Friday, December 20, 2013

Happy Yalda Night: a Persian solstice celebration

©My friend, Farsi, is from Iran. I got this from something she posted:

Happy Yalda night! (December 21st)  Shab-e Yalda "Birth of Mithra", or Shab-e Chelleh (Persian:Shabe Chelleh: "Night of Forty") is the Persian winter solstice celebration which has been popular since ancient times. Yalda is celebrated on the Northern Hemisphere's longest night of the year, that is, on the eve of the Winter Solstice. Depending on the shift of the calendar, Yalda is celebrated on or around December 20 or 21 each year. Yalda has a history as long as the religion of Mithraism. The Mithraists believed that this night is the night of the birth of Mithra, Persian angel of light and truth.
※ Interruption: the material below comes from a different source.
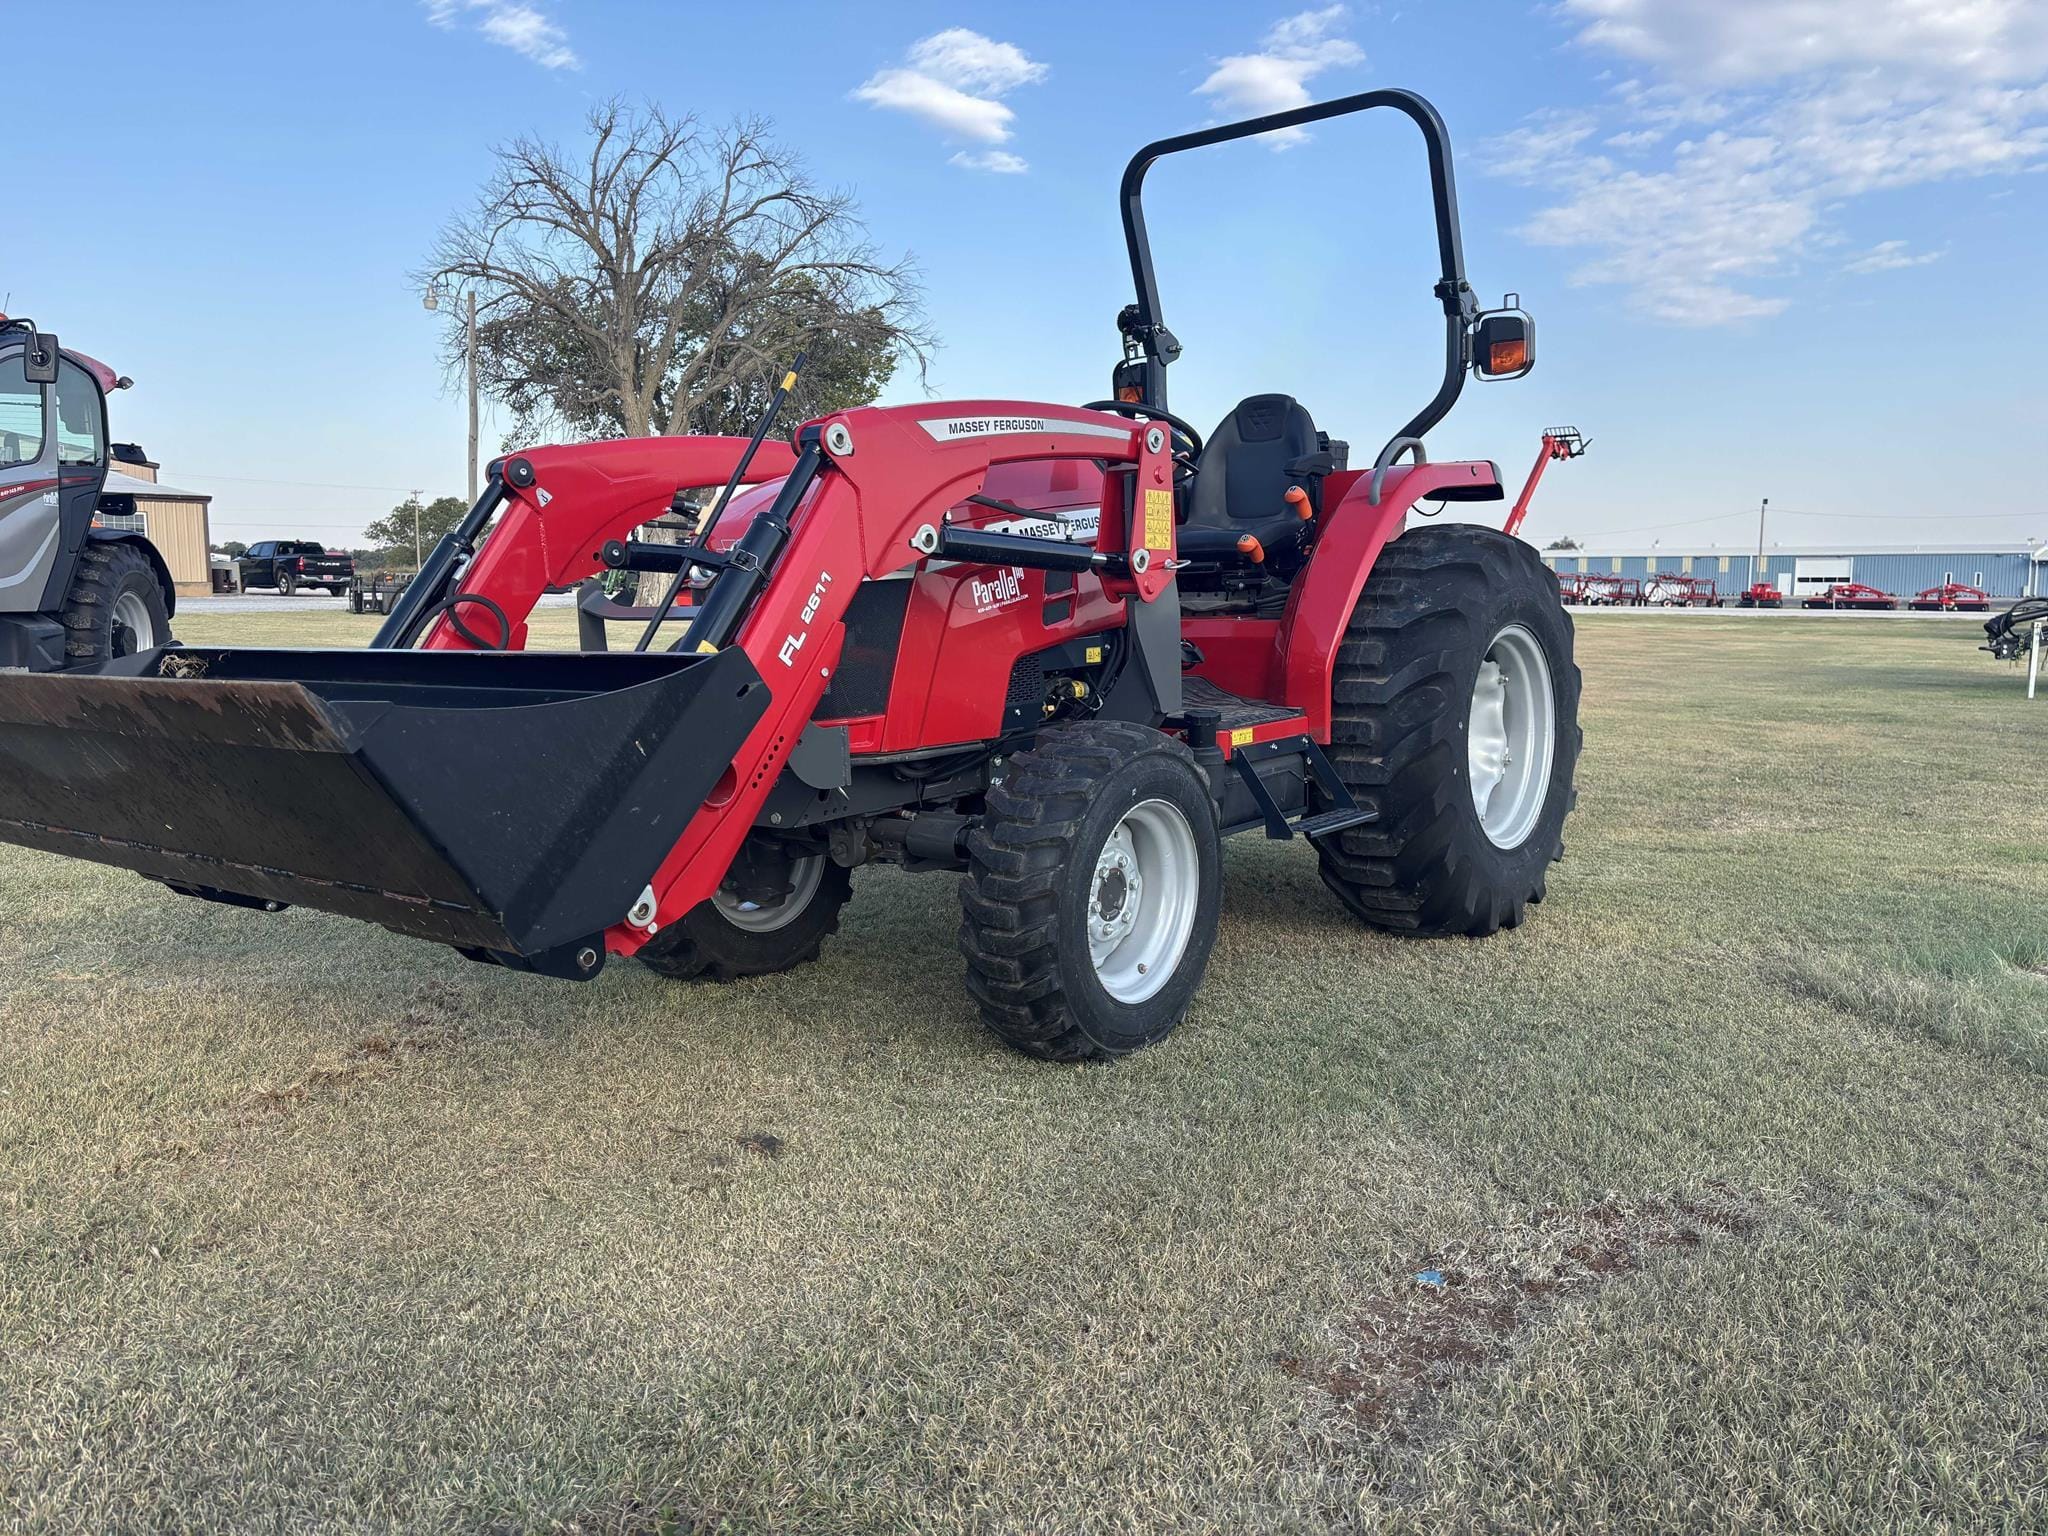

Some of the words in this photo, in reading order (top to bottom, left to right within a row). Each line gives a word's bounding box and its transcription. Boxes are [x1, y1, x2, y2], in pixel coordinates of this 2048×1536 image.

At the morning of the longest night of the year the Mithra was born. Following the fall of the Sassanid Empire and the subsequent rise of Islam in Persia/Iran, the religious significance of the event was lost, and like other Zoroastrian festivals, Yalda became a social occasion when family and close friends would get together. Nonetheless, the obligatory serving of fresh fruit during mid-winter is reminiscent of the ancient customs of invoking the divinities to request protection of the winter crop.

So eat some fresh fruit tomorrow.  Well, today!! and be grateful for Mithra, the Persian angel of light and truth. Mithra, I invite you into my life. I need all the light and truth possible.